Fang Yusheng quedó muy satisfecho con esta reacción.

Tras lograr su objetivo, colgó. Que Weila estuviera viva o muerta no era asunto suyo.

Qiao Jiusheng entró en la habitación con una taza de leche tibia. Al ver su expresión, supo que estaba tramando algo contra otra persona desafortunada. Después de beber la leche, Qiao Jiusheng se acostó y de repente gritó: —Fang Yusheng.

—¿Sí?

Fang Yusheng dejó el teléfono y se giró para mirarla. Qiao Jiusheng solo lo miró sin decir nada. Sus ojos castaños brillaban. Fang Yusheng sintió un picor en el corazón. Se inclinó y le mordió suavemente la nariz.

Qiao Jiusheng gimió de dolor. —Me duele…

Fang Yusheng la soltó y preguntó: —¿Qué quieres decir?

Qiao Jiusheng lo pensó antes de decir: —Juguemos a un juego.

—¿A qué juego?

Qiao Jiusheng le explicó las reglas del juego. —Este sábado saldré temprano. Cuando te despiertes, tendrás que encontrarme siguiendo las pistas que te dejaré. Si consigues encontrarme, ganas tú. Si no, gano yo.

Fang Yusheng pensó en sus palabras y sintió que el juego era bastante interesante. Aceptó de buen grado y le preguntó: —¿Y qué hay de las recompensas y los castigos?

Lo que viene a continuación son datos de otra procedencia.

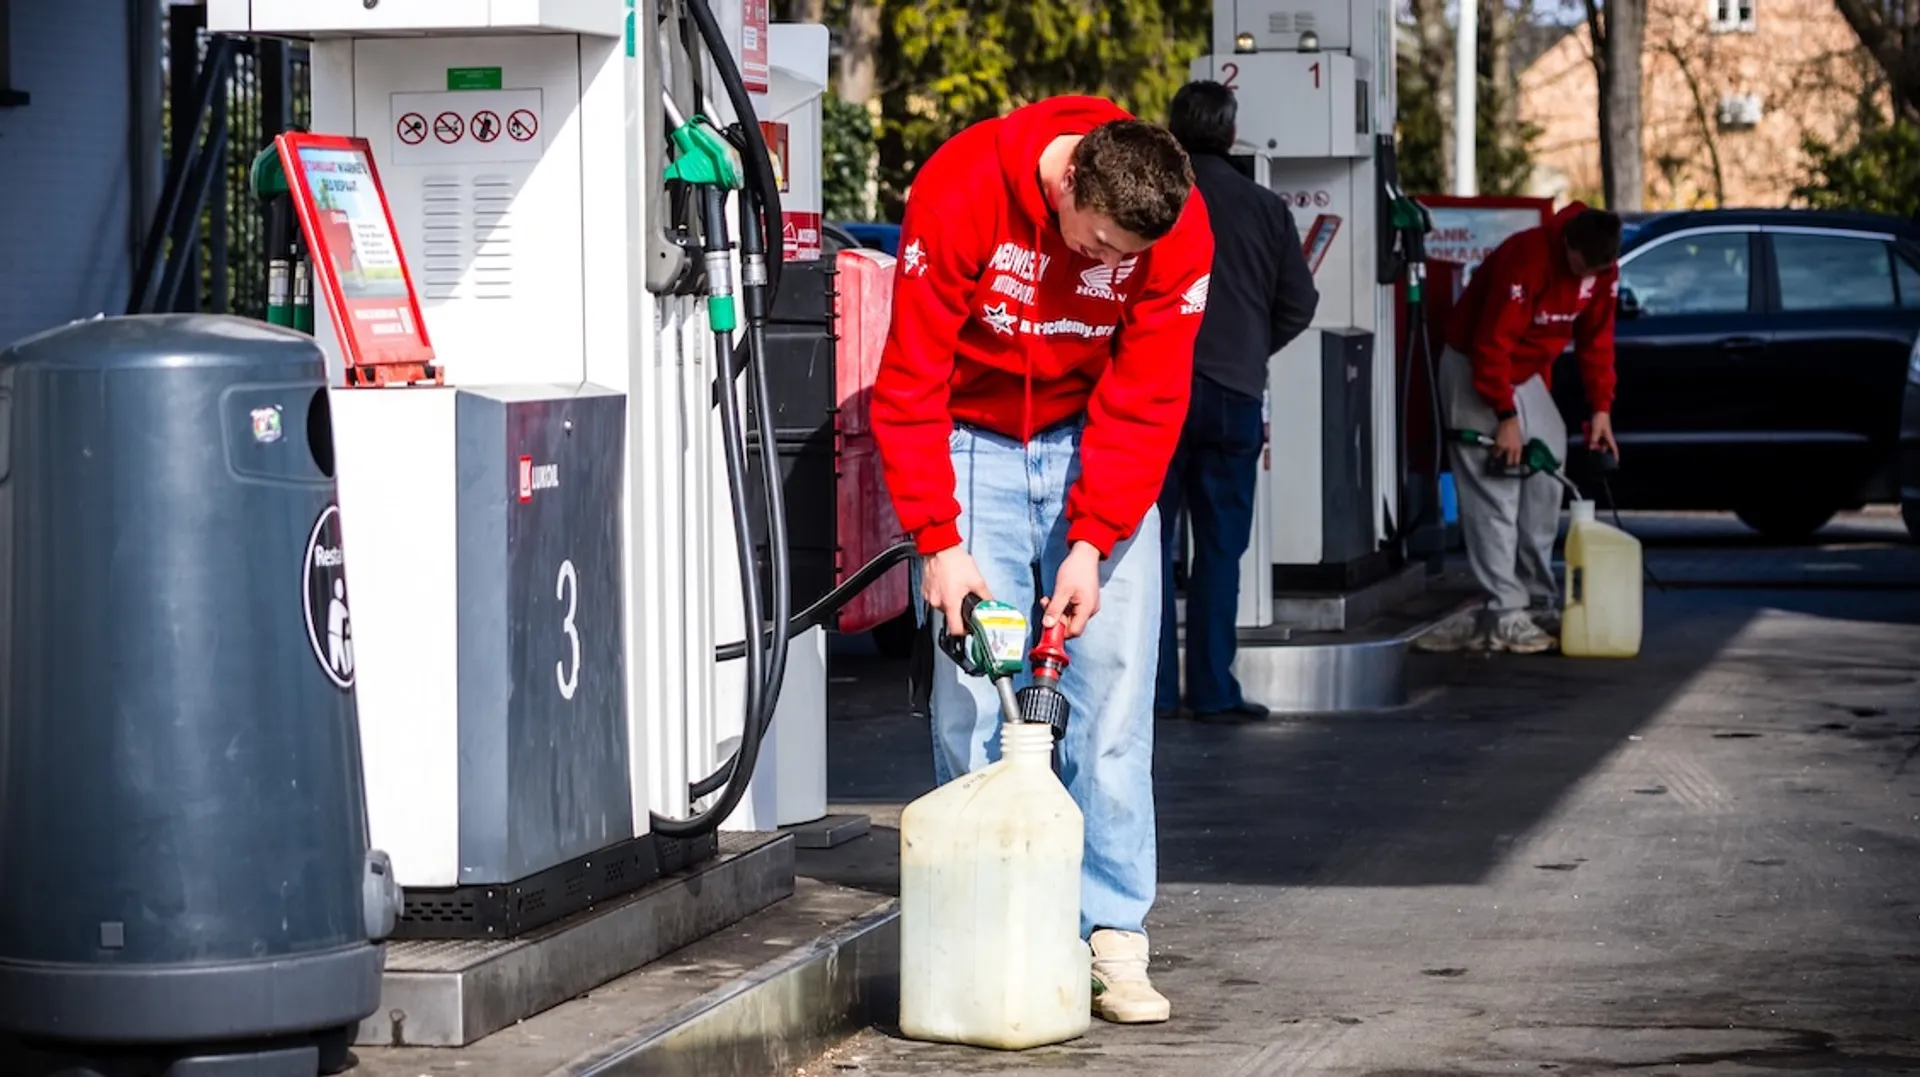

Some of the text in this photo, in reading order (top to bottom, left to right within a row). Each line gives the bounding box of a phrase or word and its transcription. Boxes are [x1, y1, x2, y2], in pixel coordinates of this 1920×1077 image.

[1221, 63, 1239, 90] 2
[1308, 62, 1320, 88] 1
[1429, 226, 1477, 242] ANK-
[1180, 303, 1206, 315] HO
[314, 544, 344, 568] Resta
[556, 559, 581, 700] 3

Qiao Jiusheng fue magnánima. Dijo: —Si tú ganas, puedes castigarme. Si gano yo, puedo castigarte. ¡No te preocupes! No será un castigo físico. —Este castigo era más bien un mimo.

Fang Yusheng sonrió y dijo con malicia: —Si gano, te castigaré haciéndote decirme todos los días que me amas.

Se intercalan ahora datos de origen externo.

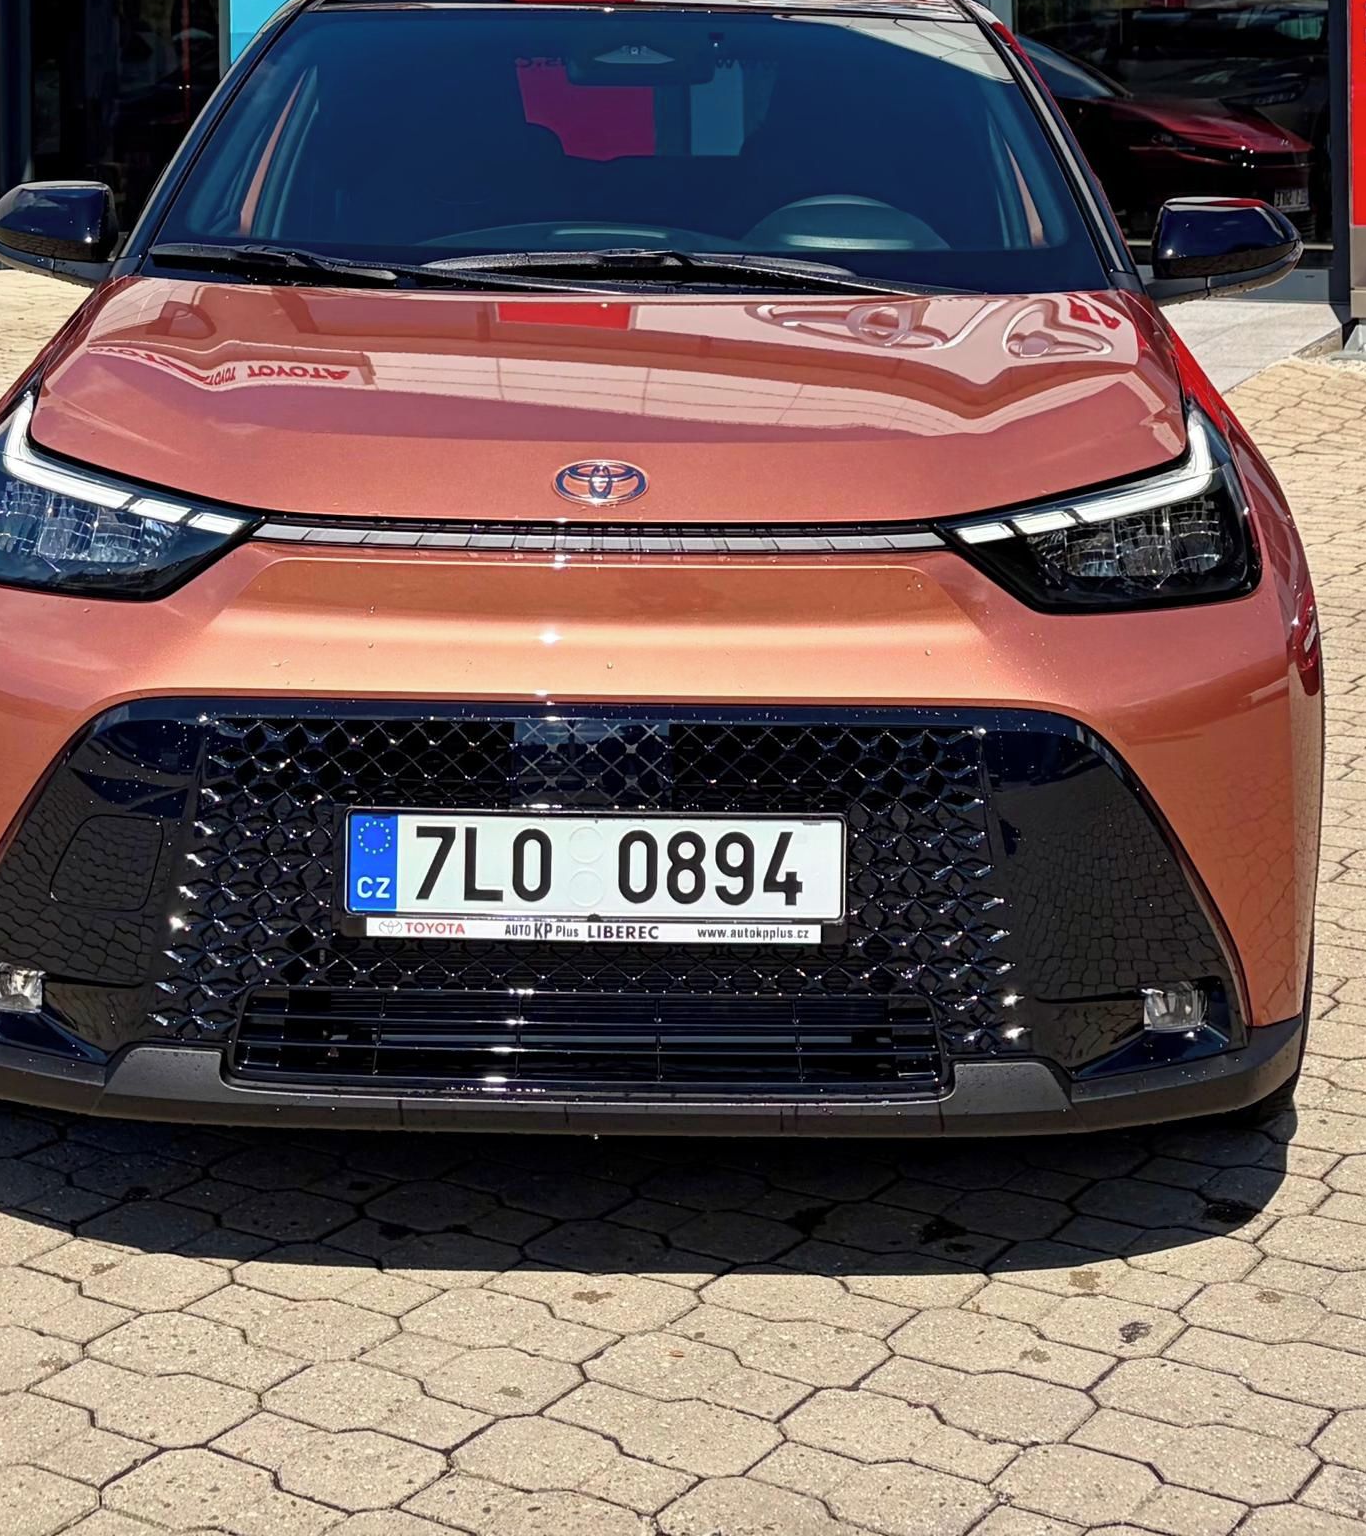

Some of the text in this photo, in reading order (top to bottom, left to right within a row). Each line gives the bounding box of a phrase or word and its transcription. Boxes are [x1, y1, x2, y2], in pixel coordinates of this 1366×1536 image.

[618, 829, 804, 906] 0894
[356, 876, 390, 900] CZ
[405, 921, 810, 941] TOYOTA AUTO KP Plus LIBEREC www.autokpplus.cz

Qiao Jiusheng enarcó las cejas. —¿Si gano yo, puedo castigarte a que me laves los pies todos los días?

Fang Yusheng se rio. —Nunca admito la derrota. —Se negaba a admitir la derrota. Nunca admitiría la derrota, ni tampoco perdería. Algunas personas actuaban como si no desearan nada, pero cuando algo sucedía de verdad, no estaban dispuestas a quedarse atrás.

Era su naturaleza ser competitivos.

Igual que Fang Yusheng.

Independientemente del resultado de la apuesta, solo quería ganar y no perder.

No estaba dispuesto a ser inferior a los demás. En esta vida, solo estaría debajo de Qiao Jiusheng, y eso también en ciertas circunstancias…

Al oír esto, Qiao Jiusheng rio por lo bajo y negó con la cabeza. Se sentía un poco impotente, pero también orgullosa.

Le encantaba el orgullo de Fang Yusheng.

—Entonces, está decidido.

El día que hicieron el trato era miércoles, dos días antes del sábado.

Qiao Jiusheng había estado ocupada en secreto durante los dos días siguientes, jueves y viernes. A veces, incluso salía corriendo. Fang Yusheng estaba bastante preocupado por ella. Después de todo, estaba embarazada y sería un problema si le pasaba algo. Qiao Jiusheng le prometió repetidamente que, si ocurría cualquier cosa, activaría el localizador de su anillo y pediría ayuda. Solo entonces Fang Yusheng le permitió salir.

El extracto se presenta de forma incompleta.